### [About this exercise]
For every entry below, give it back exactly and leave out any image.
[Listed entries — start]
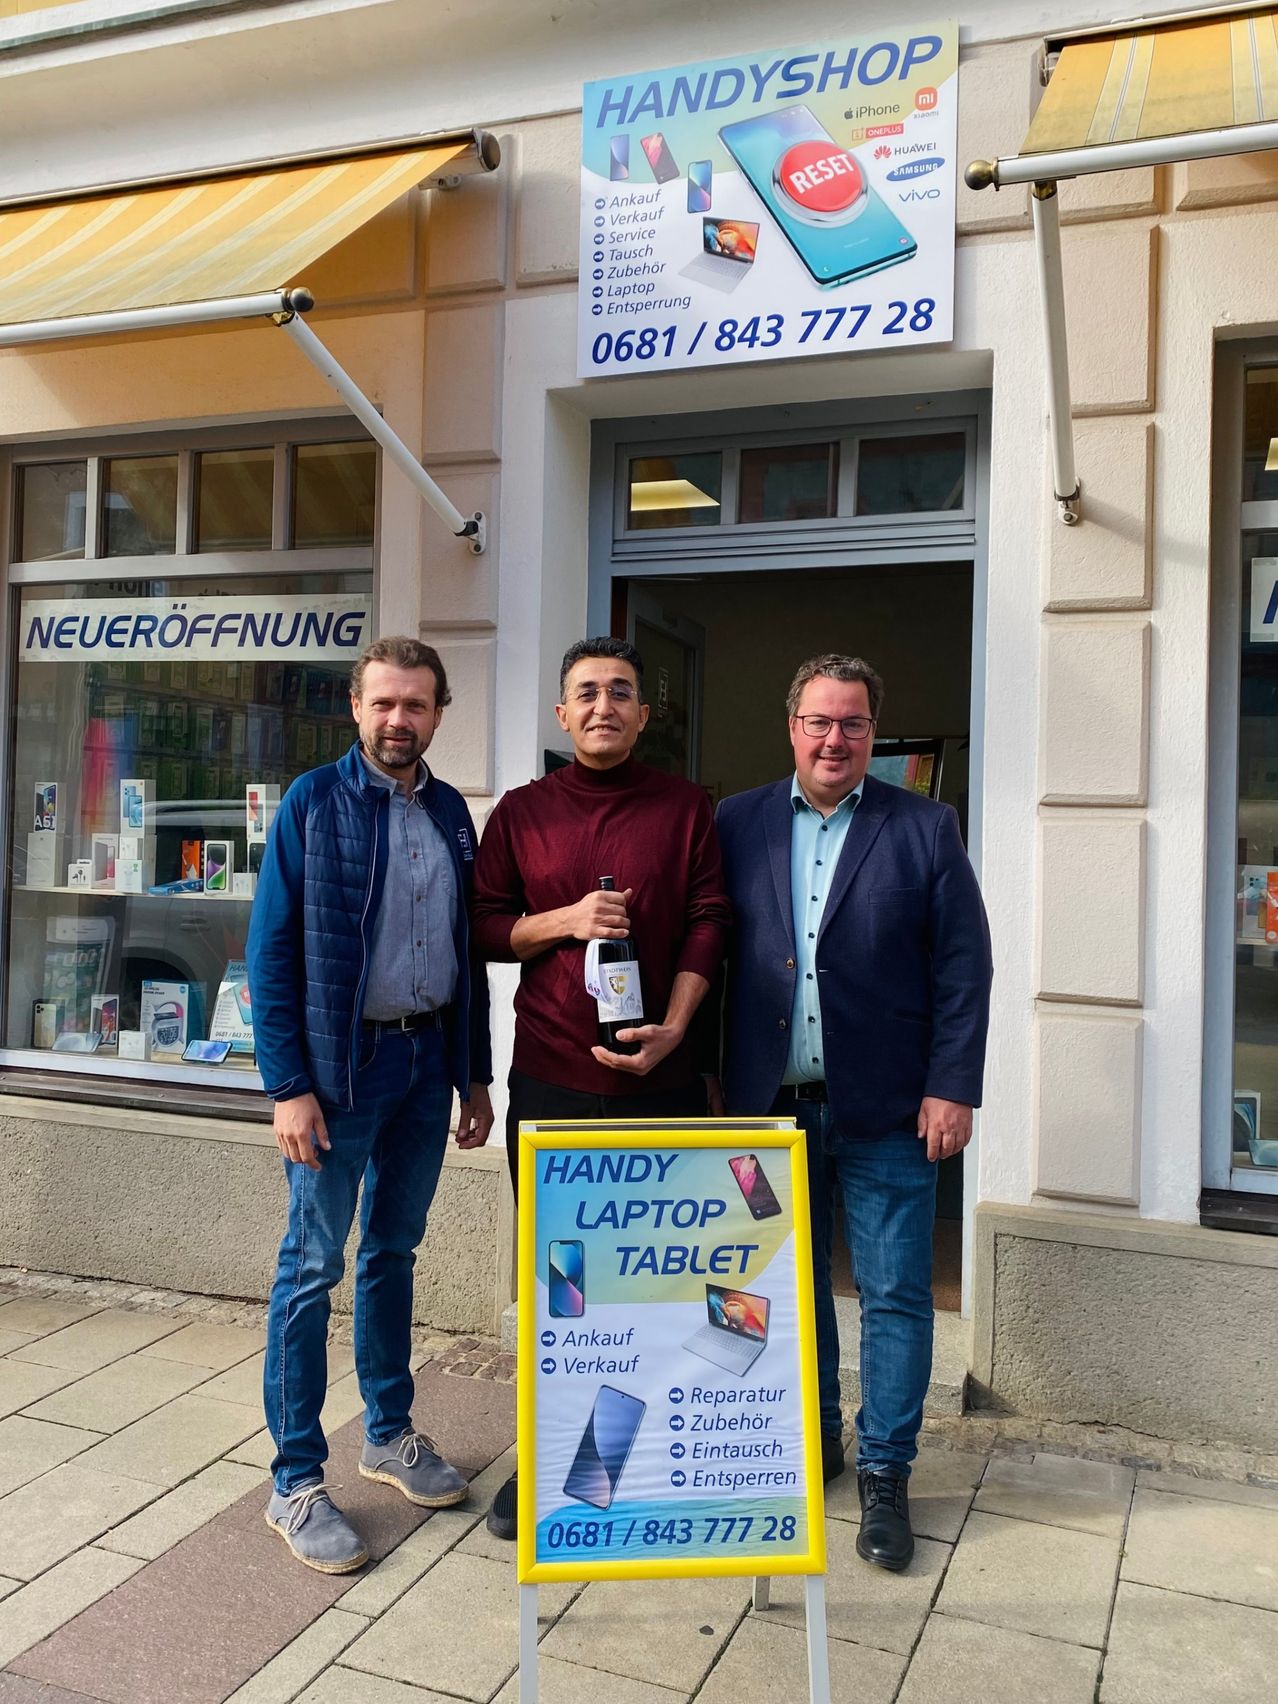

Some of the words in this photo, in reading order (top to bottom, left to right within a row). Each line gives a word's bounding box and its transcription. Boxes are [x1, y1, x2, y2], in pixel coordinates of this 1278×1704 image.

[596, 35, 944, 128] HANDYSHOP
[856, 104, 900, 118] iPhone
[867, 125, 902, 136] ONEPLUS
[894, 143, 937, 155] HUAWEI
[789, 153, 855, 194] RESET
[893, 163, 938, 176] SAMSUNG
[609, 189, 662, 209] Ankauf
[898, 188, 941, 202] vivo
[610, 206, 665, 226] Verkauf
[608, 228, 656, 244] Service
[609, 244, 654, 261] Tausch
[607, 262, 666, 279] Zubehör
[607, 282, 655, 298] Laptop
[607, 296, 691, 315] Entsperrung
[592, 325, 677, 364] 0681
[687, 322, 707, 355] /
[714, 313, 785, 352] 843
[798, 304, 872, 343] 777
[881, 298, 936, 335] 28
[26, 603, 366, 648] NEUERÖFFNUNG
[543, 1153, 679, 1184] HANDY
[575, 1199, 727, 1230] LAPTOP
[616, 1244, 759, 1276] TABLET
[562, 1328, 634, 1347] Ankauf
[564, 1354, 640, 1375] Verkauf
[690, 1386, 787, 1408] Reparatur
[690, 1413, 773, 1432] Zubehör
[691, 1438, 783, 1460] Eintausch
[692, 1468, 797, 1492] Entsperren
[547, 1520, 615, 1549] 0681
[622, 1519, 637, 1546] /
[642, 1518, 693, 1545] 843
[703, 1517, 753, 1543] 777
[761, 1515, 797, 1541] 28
[Listed entries — finish]
### [Solution for this task]
Some of the words in this photo, in reading order (top to bottom, left to right within a row). Each line gives a word's bounding box and its transcription. Boxes are [x1, y1, x2, y2], in pixel coordinates of this 1278×1704 image.

[596, 35, 944, 128] HANDYSHOP
[856, 104, 900, 118] iPhone
[867, 125, 902, 136] ONEPLUS
[894, 143, 937, 155] HUAWEI
[789, 153, 855, 194] RESET
[893, 163, 938, 176] SAMSUNG
[609, 189, 662, 209] Ankauf
[898, 188, 941, 202] vivo
[610, 206, 665, 226] Verkauf
[608, 228, 656, 244] Service
[609, 244, 654, 261] Tausch
[607, 262, 666, 279] Zubehör
[607, 282, 655, 298] Laptop
[607, 296, 691, 315] Entsperrung
[592, 325, 677, 364] 0681
[687, 322, 707, 355] /
[714, 313, 785, 352] 843
[798, 304, 872, 343] 777
[881, 298, 936, 335] 28
[26, 603, 366, 648] NEUERÖFFNUNG
[543, 1153, 679, 1184] HANDY
[575, 1199, 727, 1230] LAPTOP
[616, 1244, 759, 1276] TABLET
[562, 1328, 634, 1347] Ankauf
[564, 1354, 640, 1375] Verkauf
[690, 1386, 787, 1408] Reparatur
[690, 1413, 773, 1432] Zubehör
[691, 1438, 783, 1460] Eintausch
[692, 1468, 797, 1492] Entsperren
[547, 1520, 615, 1549] 0681
[622, 1519, 637, 1546] /
[642, 1518, 693, 1545] 843
[703, 1517, 753, 1543] 777
[761, 1515, 797, 1541] 28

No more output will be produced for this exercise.